For the bill´s rapporteurs, the proposed measure aims “to limit the disruption caused by job abandonment in companies and so that the unemployment compensation rules provided for in cases of resignation can be applied to these employees. It is not desirable that an employee made redundant following abandonment of post has a more favourable situation in terms of unemployment insurance than an employee who resigns and who receives no compensation”.

Currently, the employer cannot consider that the employee has resigned from their employment contract. Should the employee fail to terminate the employment contract on their own initiative, the employer must then dismiss them, if necessary for serious misconduct. In practice, and depending on the circumstances, the fault or misconduct is more or less serious, particularly regarding the employee seniority, the position they hold; whether the fault is repeated or not and especially with regards to the real consequences for the company or the department in which the employee works.

This situation encourages an employee to abandon their post since this gives them, on the one hand, unlike resignation, unemployment insurance benefits except in specific cases and, on the other hand, in the event of dismissal for serious misconduct, avoids them having to give notice given that an employee who resigns and who does not fulfil the notice conditions, could actually be ordered to pay compensation to the company.

Should the bill be adopted, article L.1237-1-1 of the French Labour Code will state that “an employee who has voluntarily abandoned his position and does not return to work after having been given formal notice to justify his absence and to resume his  work, by registered letter or by letter delivered by hand against receipt, within the time limit set by the employer, is presumed to have resigned at the end of this time limit”.

Before the employee can be considered as having resigned, the employer must have given formal notice to the employee to justify himself  (should the text provide that formal notice could be carried out by hand delivery against receipt, this is inconsistent with the abandonment and only the registered letter shall apply) and he  may set the deadline after which, if there is no response, the latter will be presumed to have resigned. This last provision thus makes allows to specify the date on which the resignation may be considered effective, thus resulting in the termination of the employment contract.

It is specified that the measure shall not apply to employees who leave their position for health or safety reasons.

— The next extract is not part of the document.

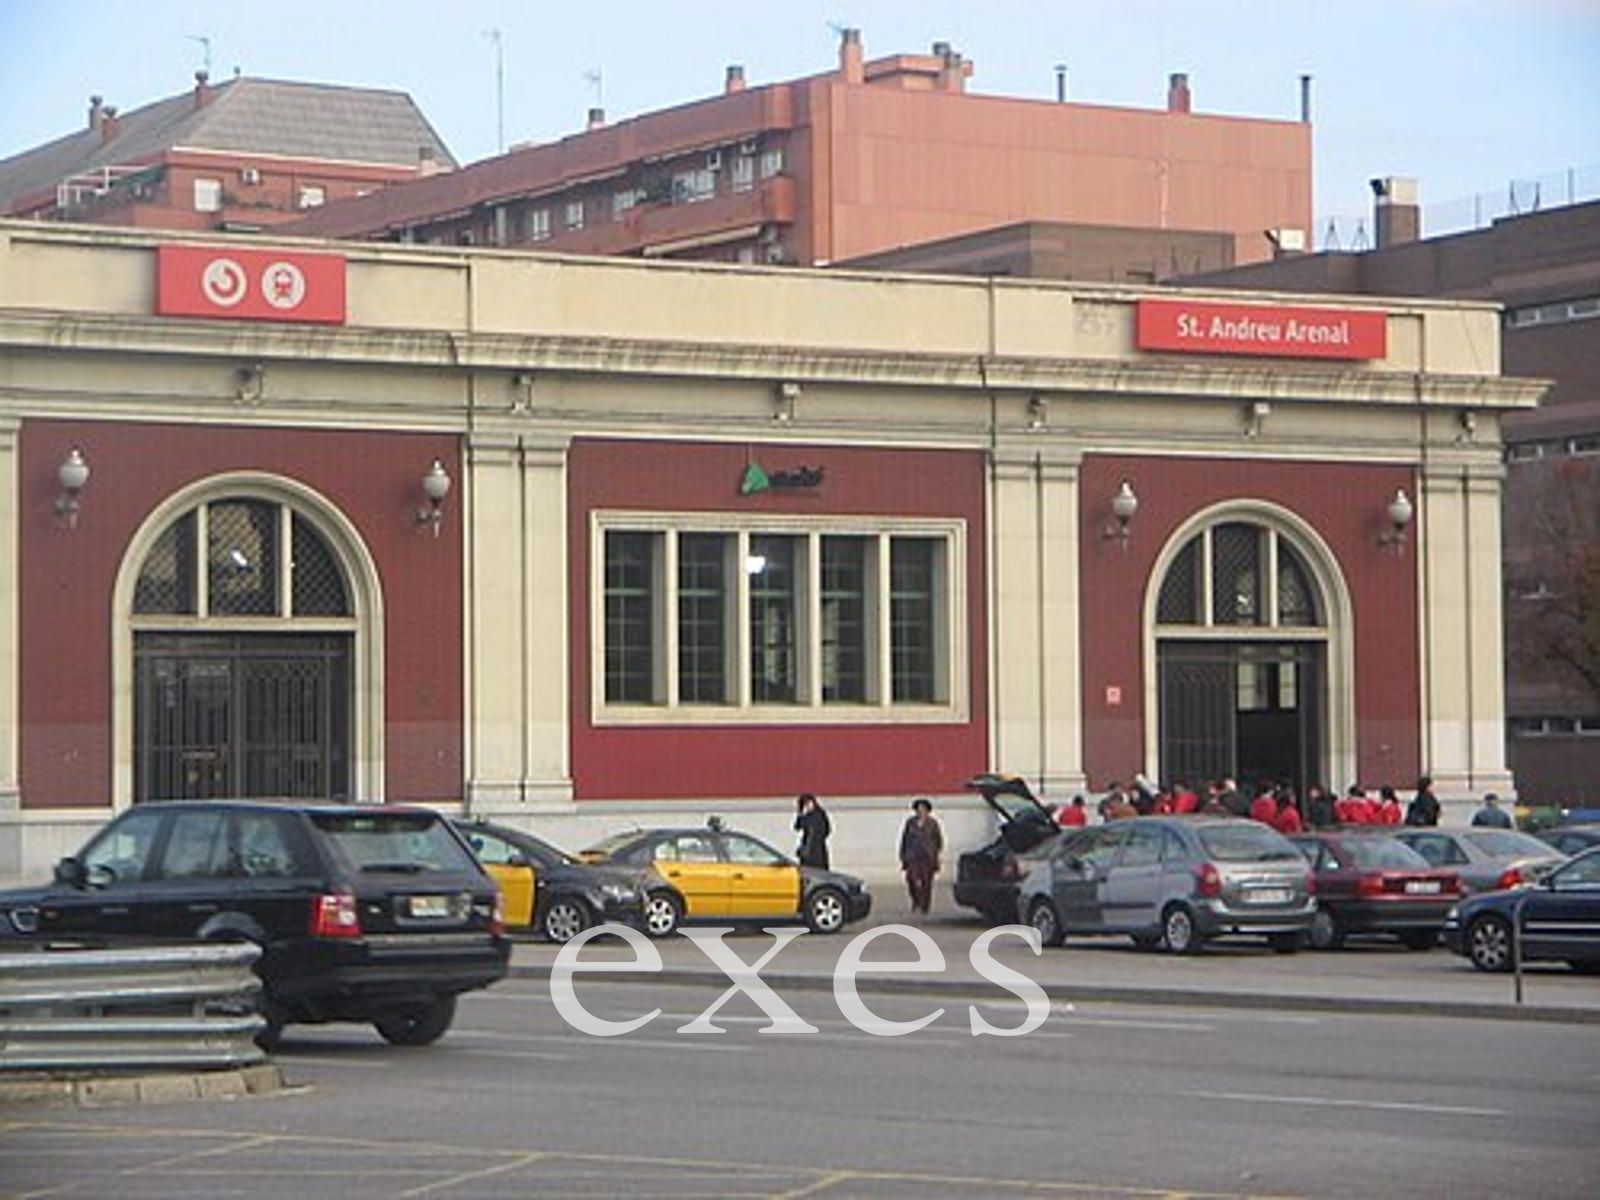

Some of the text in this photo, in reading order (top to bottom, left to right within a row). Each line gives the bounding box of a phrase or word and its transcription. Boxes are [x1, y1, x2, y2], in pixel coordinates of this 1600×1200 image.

[1176, 314, 1350, 344] St. Andreu Arenal

Finally, it’s also provided that the employee may challenge the termination of his employment contract on the basis of this presumption by initiating a lawsuit before the   Labour Court (Conseil de prud’hommes) . The case should be brought directly before the judgment office (without going through the conciliation office) who shall then decide on the type of termination and its consequences then will rule on the merits within one month.

Should the legislator provide that the practical arrangements of this system will have to be specified by decree, the introduction into the French Labour Code of such a presumption of resignation would constitute a veritable paradigm shift from the previous rules according to which a resignation must be clear and unequivocal.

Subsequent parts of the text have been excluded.